ICAP economist Adam Carr said the building approvals data was “quite a bit weaker” than he was expecting.
“I don’t think the RBA should, or necessarily will, be hiking next Tuesday,” Mr Carr said in a statement.
“We need to see that CPI number to ensure that there is a near-term case to hike rates.”
He said there was a chance that the upcoming CPI figures, due to be released in late October, could be soft.
“Given the weakness in the August housing/credit numbers, global uncertainties and the bank’s confusion over the consumer, then the case to tighten is much reduced.”
He noted that building approvals declined in every month bar two this year.
Australian building approvals fell 4.7 per cent to 13,049 units in August, seasonally adjusted, from an downwardly revised 13,699 units in July, the Australian Bureau of Statistics said on Wednesday.

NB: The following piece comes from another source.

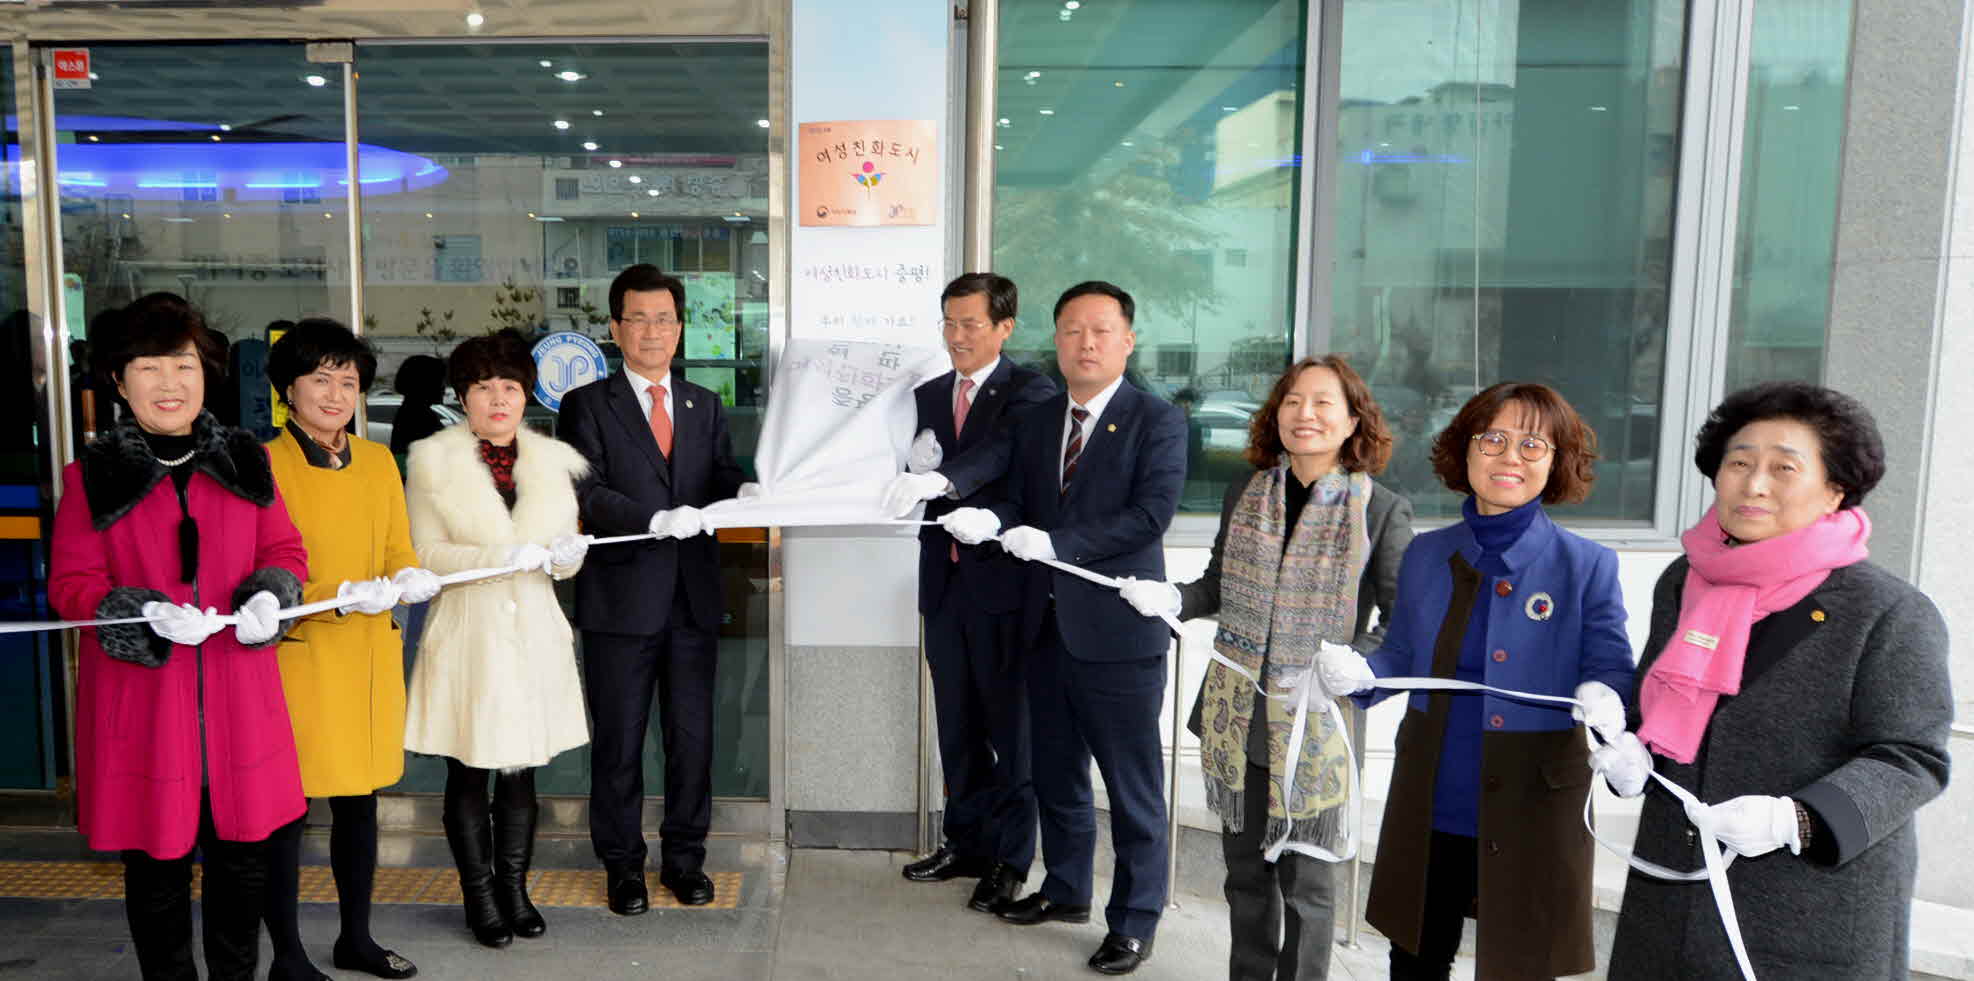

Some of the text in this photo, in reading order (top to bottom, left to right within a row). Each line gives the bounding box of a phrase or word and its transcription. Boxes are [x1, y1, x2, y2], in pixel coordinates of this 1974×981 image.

[815, 138, 920, 165] 여성친화도시
[803, 263, 929, 283] 여성친화도시 증평!

In the year to August, building approvals were up 4.4 per cent.
Meanwhile, the total number of job vacancies in Australia in August 2010 was 181,300, in seasonally adjusted terms, the ABS said on Thursday.
This was an increase of 9.8 per cent from the previous quarterly survey, conducted in May 2010.
Nomura Australia economist Stephen Roberts said the home building approvals data was a “bit on the soft side of expectations” but the return to the job vacancies data could “hardly be stronger”.
“It was very strong in relation to capacity constraints in the labour market,” he said.
While an interest rate rise next week was a real possibility, there was a good chance the RBA would want to see inflation data before lifting the cash rate, Mr Roberts said.
“I think they may wait until November, but I recognise that there’s still a very good chance that they could go next week.”
The futures market is now pricing in a two in three chance the RBA will take the cash rate to 4.75 per cent from 4.5 per cent, when it meets on Tuesday.
Mr Roberts said a slight fall in national house prices, recorded in the latest RP Data-Rismark Hedonic Australian Home Value Index, was “great news”.
“We could not afford to have housing running strongly,” Mr Roberts said.
Australian capital city home prices fell by 1.2 per cent in the past three months, with Perth falling 4.8 per cent, Brisbane down by 2.3 per cent and Melbourne down by 1.5 per cent, the data showed.
“If we had a housing boom we’d been talking about interest rates at 10 per cent, so the fact that house prices are coming back and are likely to stay down, probably for quite some time to come, is exactly the news we need,” he said.
A subdued housing sector would allow room for business investment spending.
Westpac economists noted that building approvals weakness in August was “heavily concentrated” in private sector houses, which registered a 4.3 per cent fall in August, the third month in a row.
“Overall, the report shows activity continuing to weaken in response to interest rate rises and a wind-down in first home buyer activity,” Westpac economists said in a statement.
They said there were some “tentative signs” that housing markets were starting to find a base in August/September.